2. The tissue culture seedling method of the Prunus cerasifera as claimed in claim 1, which is characterized in that: thoroughly fumigating and disinfecting an intelligent seedling raising greenhouse before inoculation, wherein the method comprises the steps of driving atomization by using the amount of 10-15 ml of hydrogen peroxide and 6-7.5 g of potassium permanganate per cubic meter, sealing a sterilization space for 36-72 hours, and exhausting air for 1 hour; and (3) opening an ultraviolet lamp and an air sterilizer for sterilization before inoculating for 5h, and filtering and cleaning the air entering the room.

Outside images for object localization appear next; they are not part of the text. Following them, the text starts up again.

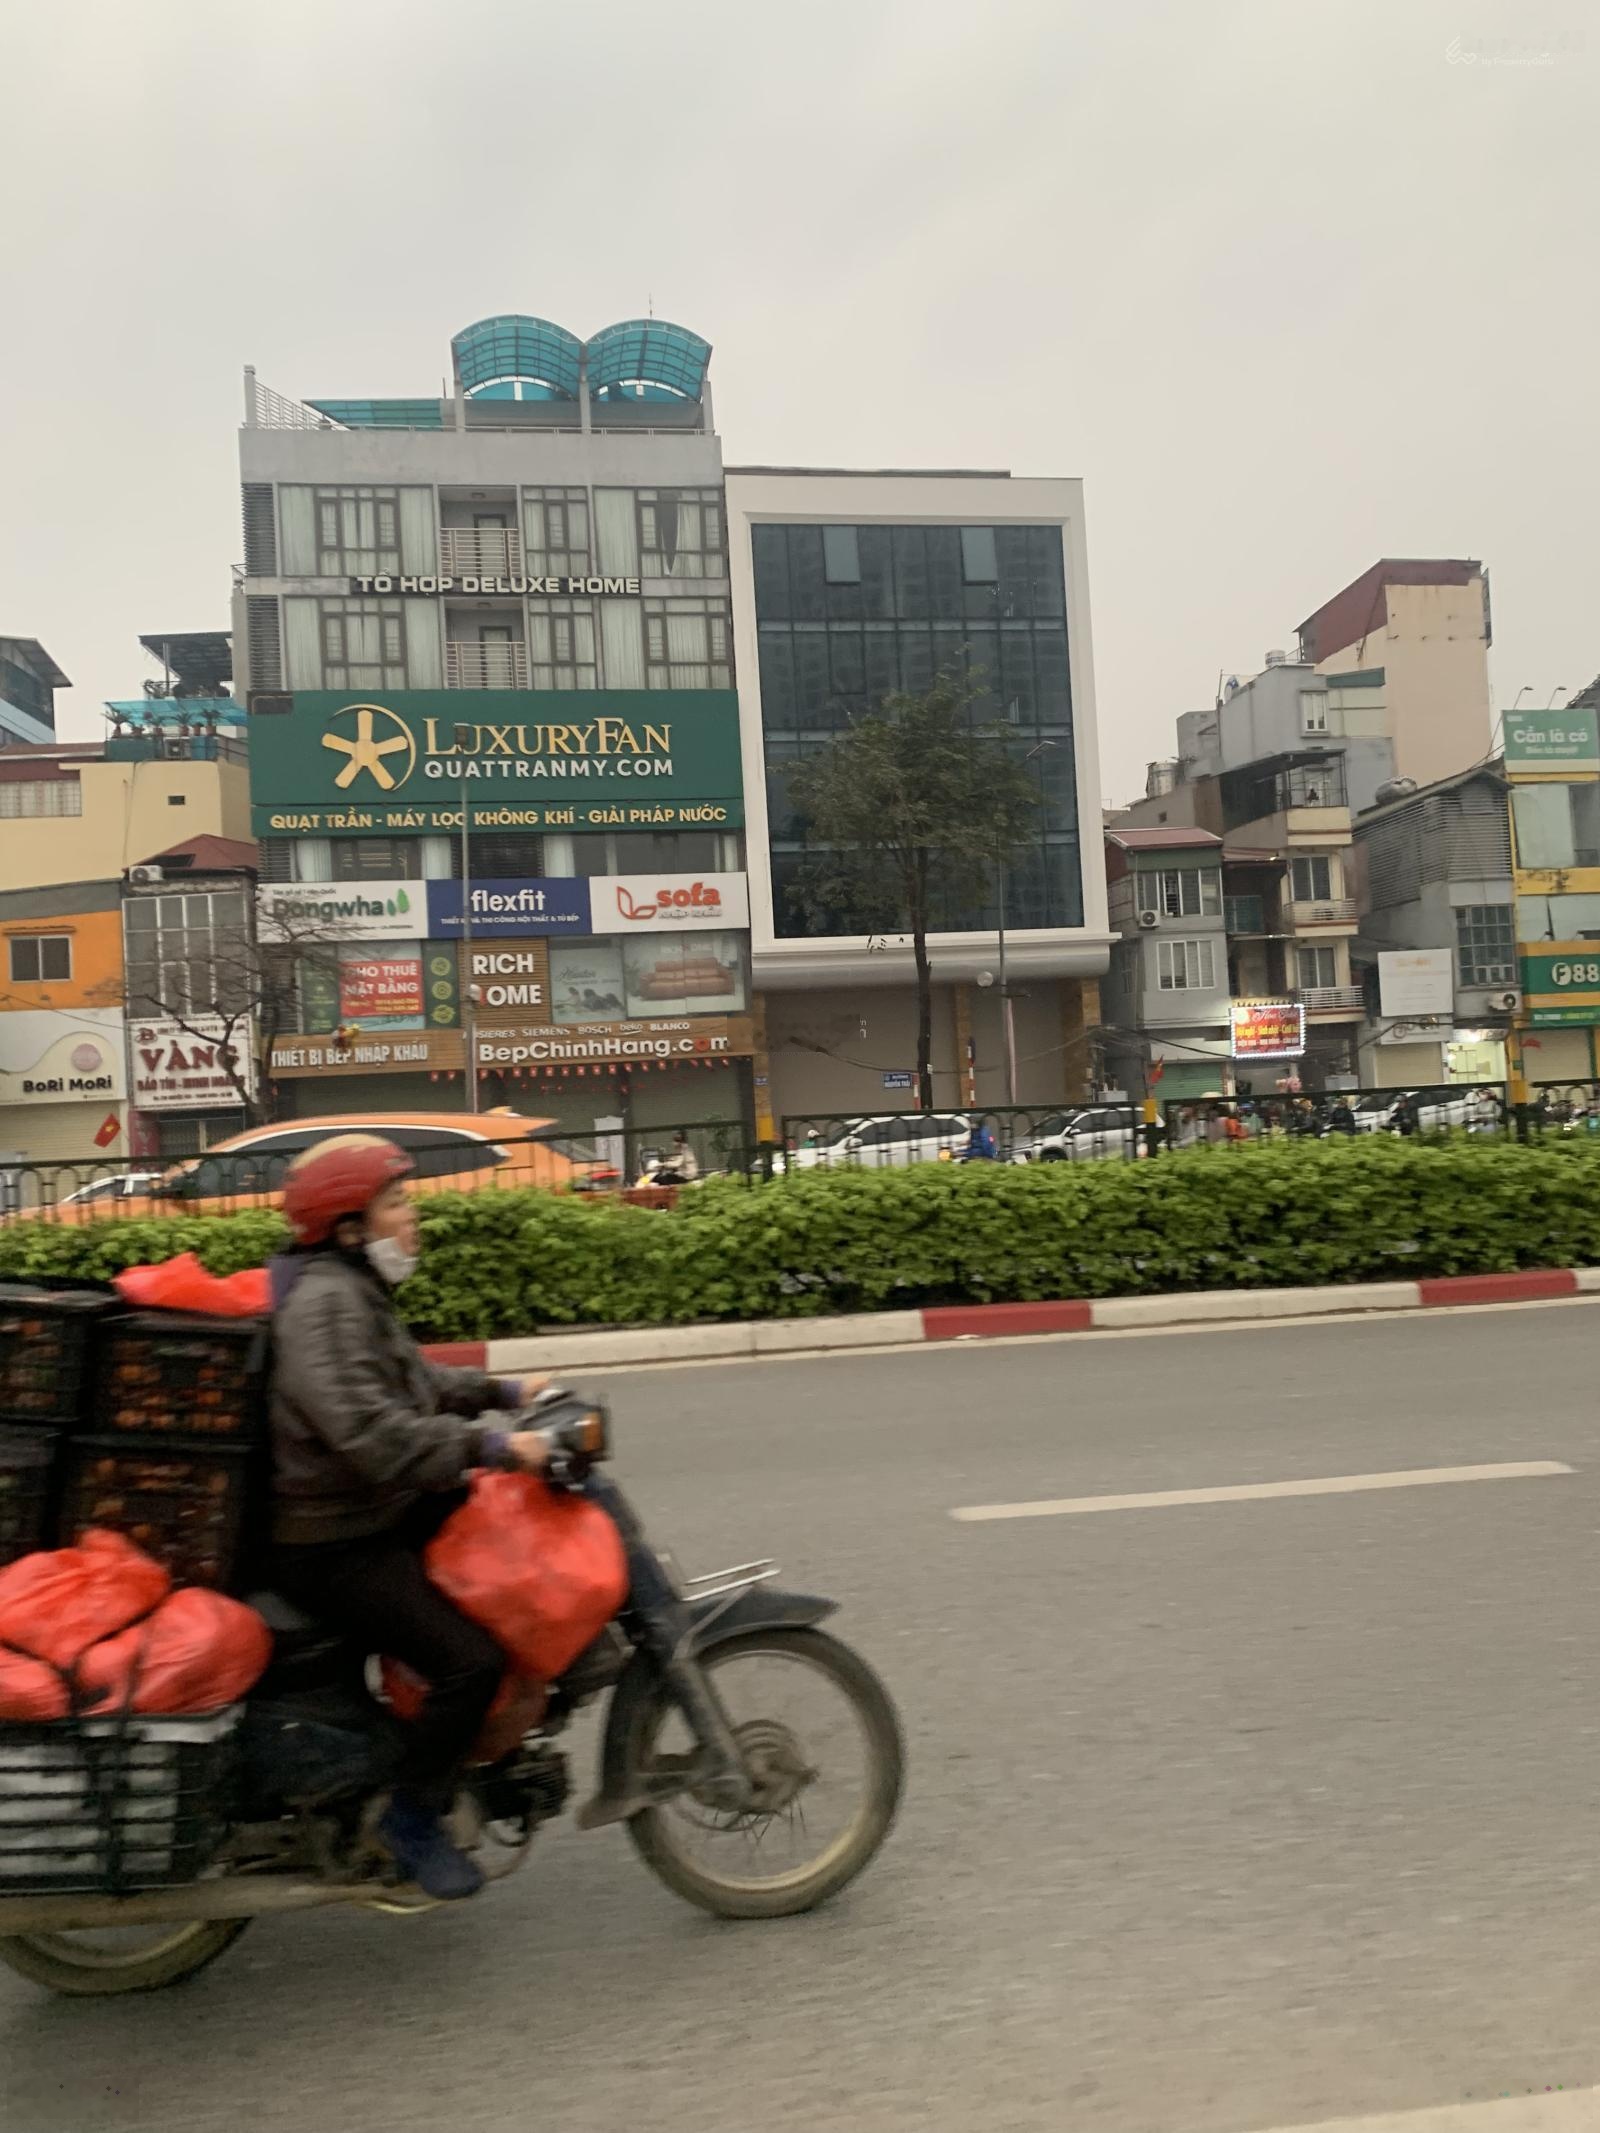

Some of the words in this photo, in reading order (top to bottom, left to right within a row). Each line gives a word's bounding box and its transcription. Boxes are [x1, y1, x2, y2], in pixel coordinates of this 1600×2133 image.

[462, 576, 560, 593] DELUXE
[568, 576, 641, 594] HOME
[424, 758, 673, 779] QUATTRANMY.COM
[270, 814, 319, 832] QUẠT
[326, 806, 373, 828] TRẦN
[387, 808, 425, 827] MÁY
[432, 812, 467, 830] LỌC
[474, 806, 539, 826] KHÔNG
[545, 806, 574, 824] KHÍ
[589, 805, 625, 824] GIẢI
[629, 805, 675, 823] PHÁP
[679, 803, 727, 822] NƯỚC
[470, 889, 545, 912] flexfit
[656, 881, 721, 908] sofa
[272, 895, 384, 923] Dongwha
[382, 962, 417, 976] THUÊ
[472, 953, 534, 975] RICH
[1552, 962, 1600, 986] F88
[378, 978, 418, 994] BẰNG
[522, 1026, 571, 1037] SIEMENS
[577, 1024, 612, 1035] BOSCH
[650, 1021, 690, 1031] BLANCO
[139, 1040, 240, 1073] VÀNG
[308, 1049, 322, 1070] BỊ
[480, 1036, 728, 1064] BepChinhHang.com

3. The tissue culture seedling method of the Prunus cerasifera as claimed in claim 1, which is characterized in that: and (3) sterilizing the in-vitro propagation material, namely washing the stem end with the terminal bud with tap water, putting the stem end into 70% alcohol for disinfection for 15-25 s, and soaking the stem end with sodium hypochlorite for 18 min.

4. The tissue culture seedling method of the Prunus cerasifera as claimed in claim 1, which is characterized in that: inducing adventitious bud differentiation, selecting 2-3 cm stem segments with terminal buds, placing on a reciprocating shaking seedbed, performing shallow layer shake culture by using a liquid adventitious bud culture medium, and performing culture by adding a growth regulator 6-BA (1.0 mg/l) and an NAA (0.05 mg/l); when the plant grows to 2.5-3.5 cm, the plant is transferred to the other half of reciprocating shaking seedbed, the shallow layer shaking culture is carried out by using a liquid rooting culture medium, and the rooting is induced by adding a growth regulator IBA (1.0 mg/l) and an IAA (1.0 mg/l).

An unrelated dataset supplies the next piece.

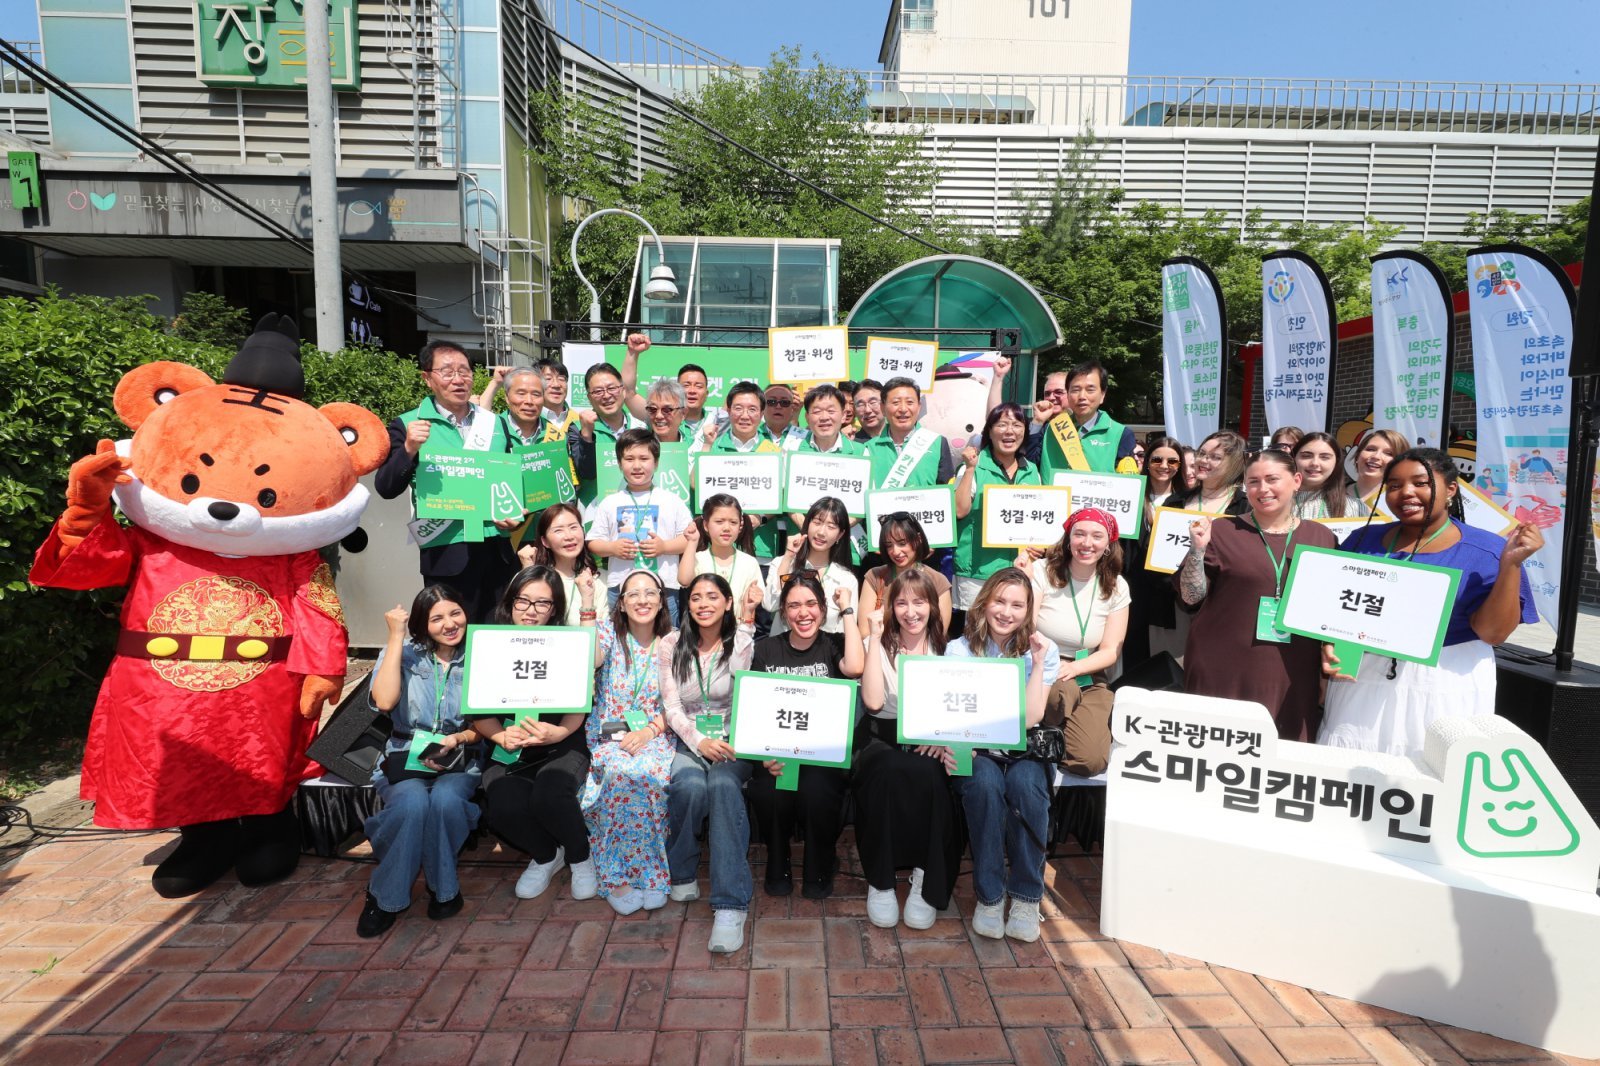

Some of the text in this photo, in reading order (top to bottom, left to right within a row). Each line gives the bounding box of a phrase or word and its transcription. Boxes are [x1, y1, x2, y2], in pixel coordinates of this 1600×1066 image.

5. The tissue culture seedling method of the Prunus cerasifera as claimed in claim 1, which is characterized in that: the reciprocating type rocking seedbed comprises a reciprocating type rocking bed and a disposable sealed clean porous seedling raising tray, the tray surface is of a plastic structure, the working mode of the reciprocating type rocking bed is horizontal reciprocating, the vibration amplitude is 20mm, and the vibration frequency is 60 rpm.

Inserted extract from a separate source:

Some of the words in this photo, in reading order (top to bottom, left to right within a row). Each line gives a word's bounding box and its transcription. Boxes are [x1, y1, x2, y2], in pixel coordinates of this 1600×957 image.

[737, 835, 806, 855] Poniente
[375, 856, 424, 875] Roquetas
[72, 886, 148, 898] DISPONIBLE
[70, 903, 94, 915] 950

6. The tissue culture seedling method of the Prunus cerasifera as claimed in claim 1, which is characterized in that: the culture and propagation conditions are characterized in that the culture and propagation conditions are carried out by reciprocating shaking a seedbed and carrying out shallow shaking culture on a liquid culture medium at the temperature of 25 +/-3 ℃, the illumination intensity of 1000lx to 6000lx and the relative humidity of 70-80%.